There are cases and TaskViews that auto-approve, and thus automatically do the middle step right after the first. There are also others which do not need a Token and thus run the submit step as part of the second, or even all three at once. The exact number of ‘steps’ and the time between them depends on the definition of the TaskView.
Actions themselves can also effectively do anything within the scope of those three stages, and there is even the ability to chain multiple actions together, and pass data along to other actions.

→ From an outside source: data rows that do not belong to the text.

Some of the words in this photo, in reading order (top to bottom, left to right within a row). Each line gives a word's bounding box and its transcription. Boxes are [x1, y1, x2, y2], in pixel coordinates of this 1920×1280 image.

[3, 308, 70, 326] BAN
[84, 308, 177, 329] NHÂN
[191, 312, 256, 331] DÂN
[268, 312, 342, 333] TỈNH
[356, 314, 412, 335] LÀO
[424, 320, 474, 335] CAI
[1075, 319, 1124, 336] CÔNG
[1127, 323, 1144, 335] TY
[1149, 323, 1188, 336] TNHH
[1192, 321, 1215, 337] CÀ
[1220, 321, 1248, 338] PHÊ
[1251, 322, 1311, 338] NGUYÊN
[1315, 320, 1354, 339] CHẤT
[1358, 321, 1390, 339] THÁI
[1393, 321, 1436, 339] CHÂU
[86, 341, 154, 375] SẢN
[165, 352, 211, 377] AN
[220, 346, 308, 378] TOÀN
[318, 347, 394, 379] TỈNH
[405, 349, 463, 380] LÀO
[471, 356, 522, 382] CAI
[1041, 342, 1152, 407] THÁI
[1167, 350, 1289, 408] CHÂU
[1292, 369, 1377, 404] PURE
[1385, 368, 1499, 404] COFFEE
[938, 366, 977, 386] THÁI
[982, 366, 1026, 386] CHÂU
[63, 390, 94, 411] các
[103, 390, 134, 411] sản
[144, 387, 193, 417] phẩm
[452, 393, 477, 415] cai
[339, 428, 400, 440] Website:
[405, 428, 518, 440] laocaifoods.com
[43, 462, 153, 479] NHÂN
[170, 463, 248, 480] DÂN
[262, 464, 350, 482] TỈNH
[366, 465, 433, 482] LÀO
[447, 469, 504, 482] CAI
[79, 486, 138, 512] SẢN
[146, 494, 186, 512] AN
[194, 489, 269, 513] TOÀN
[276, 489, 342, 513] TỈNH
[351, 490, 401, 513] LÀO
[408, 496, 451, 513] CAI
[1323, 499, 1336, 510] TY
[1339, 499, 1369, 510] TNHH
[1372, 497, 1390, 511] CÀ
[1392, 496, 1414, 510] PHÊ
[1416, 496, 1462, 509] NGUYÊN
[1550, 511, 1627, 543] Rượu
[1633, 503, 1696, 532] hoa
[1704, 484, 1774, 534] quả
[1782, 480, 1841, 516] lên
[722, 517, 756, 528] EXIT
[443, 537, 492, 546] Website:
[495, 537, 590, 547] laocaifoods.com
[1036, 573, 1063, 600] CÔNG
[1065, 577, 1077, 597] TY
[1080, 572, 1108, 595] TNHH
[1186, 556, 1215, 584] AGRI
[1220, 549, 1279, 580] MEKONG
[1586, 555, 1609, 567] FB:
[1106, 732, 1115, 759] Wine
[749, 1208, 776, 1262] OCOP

Details for adding taskviews and actions can be found on the Creating Plugins for Adjutant page.
What is an Action?¶
Actions are a generic database model which knows what ‘type’ of action it is. On pulling the actions related to a Task from the database we wrap it into the appropriate class type which handles all the logic associated with that action type.
An Action is both a simple database representation of itself, and a more complex in memory class that handles all the logic around it.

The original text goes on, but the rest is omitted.